There are no colors “out there”, only invisible electromagnetic waves. There are no “smells” out there, only odorless molecules that generate an chemical and electrical response in olfactory neurons. There are no “sounds” out there, only compression waves traveling through the air that create chemical and electrical responses in auditory nerves, which are translated into the sounds and speech we experience. Even touch, which would seem to involve those solid objects that are out there, ends up being a set of nerve impulses that our brains and consciousness translate into “cloth” or “skin” or “smooth” or “rough” or even “a punch” or “a bump”. Everything that we experience is a complicated translation of sense perceptions into images and other constructs, that only exist within our brains.
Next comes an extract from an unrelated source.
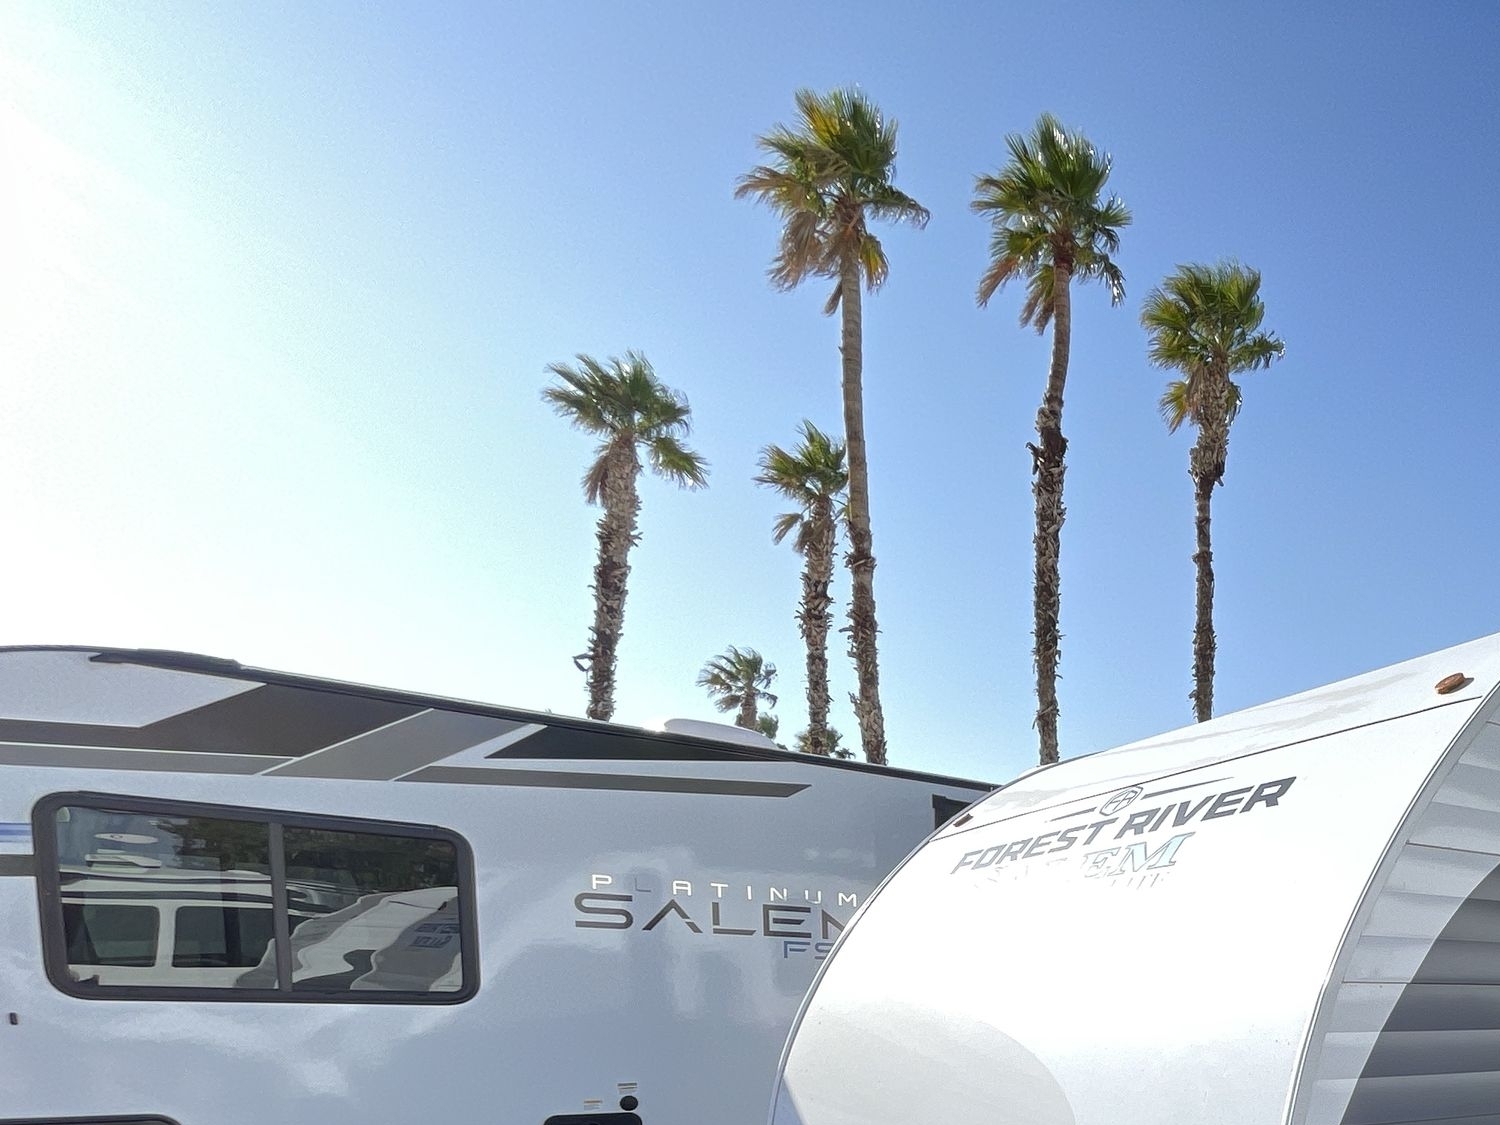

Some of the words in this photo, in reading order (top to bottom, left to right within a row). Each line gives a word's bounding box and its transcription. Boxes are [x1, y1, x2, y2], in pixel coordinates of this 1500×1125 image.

(This seems a good place to point out that, even those solid objects we all admit are definitely “out there” are entities that we never actually come in contact with. No finger ever actually pressed a keyboard. In the nanoscopic world at the boundaries of physical objects, it is ultimately electric fields that repulse each other. No molecules in your finger ever actually touched molecules in the keyboard. Though that is admittedly splitting a very fine hair :).
The takeaway from all of this is kind of mind-blowing, at least for me. It is that there is nothing in my experience that has an intrinsic quality: there is no color, nor shape, nor sound, nor smell nor tactile essence in the world I experience. All of those attributes are supplied by my brain, and realized in my consciousness. The external world supplies only physical modulations in a variety of mediums: EM waves, sound waves, molecules, field interactions. This is not to say that those modulations are non-existent and can somehow be ignored. Radiation can kill, sound waves can deafen, molecules can poison, field interactions can pierce and maim. The brain and body can, and will, die and decompose.
Consciousness? Well, that’s another thing altogether. And the subject of another essay at another time.